Really dumb question, when Greg Neagle's installlion README says dump the InstallESD.dmg that the customizeInstallESD command creates into the InstallLion.pkg, where in the PKG does it need to go? In the root of contents or in the Resources folder? Somewhere else? I'm getting an error from the installer when I try to run it through Self Service on postflight. Do the files need to be somewhere special directory wise when I'm building this stuff?

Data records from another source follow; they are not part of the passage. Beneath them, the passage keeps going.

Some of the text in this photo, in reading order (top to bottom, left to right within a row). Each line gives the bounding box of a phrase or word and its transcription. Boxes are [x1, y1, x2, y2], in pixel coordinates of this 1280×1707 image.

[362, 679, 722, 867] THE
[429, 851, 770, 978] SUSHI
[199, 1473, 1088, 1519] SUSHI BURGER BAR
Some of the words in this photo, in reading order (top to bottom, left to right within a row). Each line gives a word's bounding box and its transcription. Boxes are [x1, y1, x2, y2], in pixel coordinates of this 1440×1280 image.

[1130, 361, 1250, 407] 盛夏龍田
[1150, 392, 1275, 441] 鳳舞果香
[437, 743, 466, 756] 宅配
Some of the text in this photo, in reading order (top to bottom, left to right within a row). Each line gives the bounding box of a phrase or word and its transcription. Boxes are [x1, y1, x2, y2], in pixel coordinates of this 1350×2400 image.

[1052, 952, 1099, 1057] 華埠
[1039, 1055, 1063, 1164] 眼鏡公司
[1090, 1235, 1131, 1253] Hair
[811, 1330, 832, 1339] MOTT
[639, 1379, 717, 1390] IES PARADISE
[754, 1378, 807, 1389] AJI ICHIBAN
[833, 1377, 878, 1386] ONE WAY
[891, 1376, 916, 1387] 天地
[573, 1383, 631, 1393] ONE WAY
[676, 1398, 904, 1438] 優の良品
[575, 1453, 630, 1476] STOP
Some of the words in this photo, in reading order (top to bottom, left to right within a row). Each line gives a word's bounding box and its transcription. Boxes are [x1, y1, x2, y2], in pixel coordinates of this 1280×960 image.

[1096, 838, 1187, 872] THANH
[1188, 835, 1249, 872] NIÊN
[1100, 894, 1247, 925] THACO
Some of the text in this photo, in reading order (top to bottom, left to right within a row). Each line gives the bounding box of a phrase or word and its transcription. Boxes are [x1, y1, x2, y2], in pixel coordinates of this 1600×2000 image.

Just trying to build one with a QuickAdd pack to fix the management account stuff and a pkg I made that just runs a postflight script to mv the file for Setup Assistant (which I could have made wrong in Composer). I've made it work fine using the plain installer with JAMF's KB. I can't seem to conquer Greg's.

Thanks in advance in assisting me with my incompetence.

rockpapergoat
Contributor III

the quickadd pkg produced by recon failed every time i tried adding it to the installlion pkg, so i replaced it with one that adds the hidden admin account another way.

figure out which postflight step is failing first.

the esd image needs to be in the resources folder within the pkg bundle itself.

vadmin
New Contributor

@Holger what does your launchd look like for the firstboot. I am trying to build my own

golbiga
Contributor III
Contributor III

vadmin, here is what mine looks like.

<?xml version="1.0" encoding="UTF-8"?>
<!DOCTYPE plist PUBLIC "-//Apple//DTD PLIST 1.0//EN" "http://www.apple.com/DTDs/PropertyList-1.0.dtd">
<plist version="1.0">
<dict>
  <key>Label</key>
  <string>org.organization.firstboot</string>
  <key>ProgramArguments</key>
  <array>
    <string>/var/firstboot.sh</string>
  </array>
  <key>RunAtLoad</key>
  <true/>
</dict>
</plist>

myronjoffe
Contributor III

I follow the instructions as per Gregs readme. Drop the InstallLion.pkg into Casper admin. But not matter what I do, be it Casper Remote or Self service with caching the install will fail:

Preparing Policy...
Installing InstallLion.pkg...
Installing InstallLion.pkg...
Installation failed. The installer reported: installer: Package name is OS X Lion

If I manually double click on the package it works fine. What am I missing?

myronjoffe
Contributor III

Sorted out the issue by adding /sbin/reboot command at the end of the self service policy. For some reason using the reboot options in the gui caused that error.